== WHAT IS EXPECTED ==
Keep the pictures out of the copy and print all the entries below exactly.

* * * * * * * * *

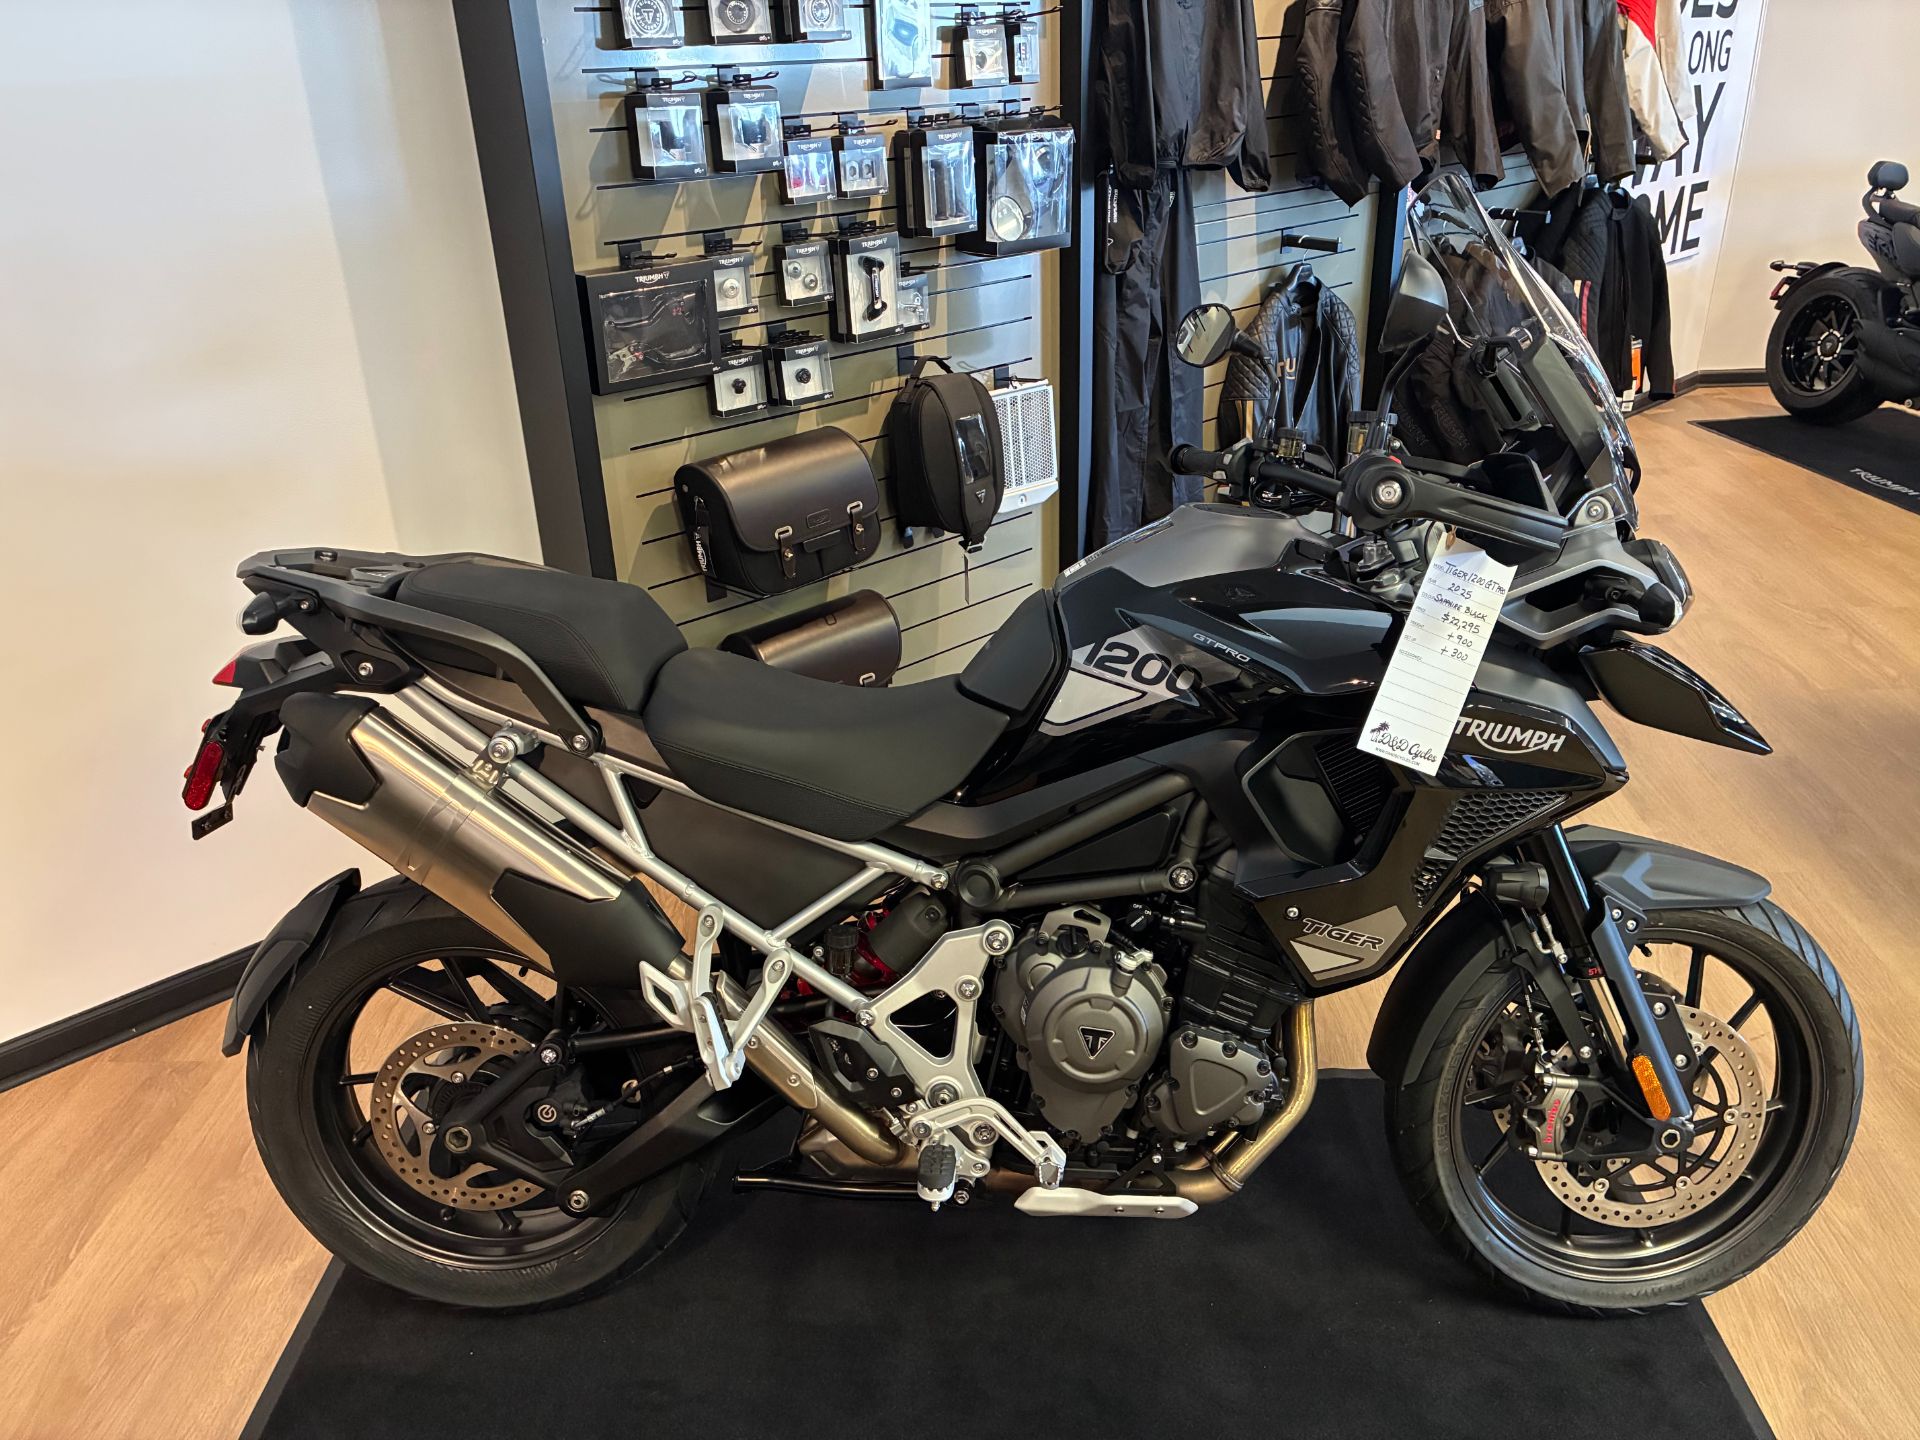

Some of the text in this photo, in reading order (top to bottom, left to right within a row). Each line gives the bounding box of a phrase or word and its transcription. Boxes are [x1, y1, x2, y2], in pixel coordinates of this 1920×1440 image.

[1688, 29, 1733, 75] ONG
[1655, 180, 1709, 255] ME
[861, 238, 883, 248] TRIUMPH
[635, 273, 663, 284] TRIUMPH
[695, 540, 707, 572] TRIUMPH
[1445, 561, 1468, 581] TIGER
[1441, 612, 1480, 634] $22,295
[1451, 648, 1469, 661] 300
[1457, 635, 1473, 648] 900
[1083, 638, 1202, 697] 1200
[1378, 732, 1437, 762] D&D Cycles
[1455, 716, 1567, 754] TRIUMPH
[1302, 917, 1385, 952] TIGER
[1543, 1098, 1561, 1144] brembo

* * * * * * * * *

== ANSWER TO THE EXERCISE ==
Some of the text in this photo, in reading order (top to bottom, left to right within a row). Each line gives the bounding box of a phrase or word and its transcription. Boxes are [x1, y1, x2, y2], in pixel coordinates of this 1920×1440 image.

[1688, 29, 1733, 75] ONG
[1655, 180, 1709, 255] ME
[861, 238, 883, 248] TRIUMPH
[635, 273, 663, 284] TRIUMPH
[695, 540, 707, 572] TRIUMPH
[1445, 561, 1468, 581] TIGER
[1441, 612, 1480, 634] $22,295
[1451, 648, 1469, 661] 300
[1457, 635, 1473, 648] 900
[1083, 638, 1202, 697] 1200
[1378, 732, 1437, 762] D&D Cycles
[1455, 716, 1567, 754] TRIUMPH
[1302, 917, 1385, 952] TIGER
[1543, 1098, 1561, 1144] brembo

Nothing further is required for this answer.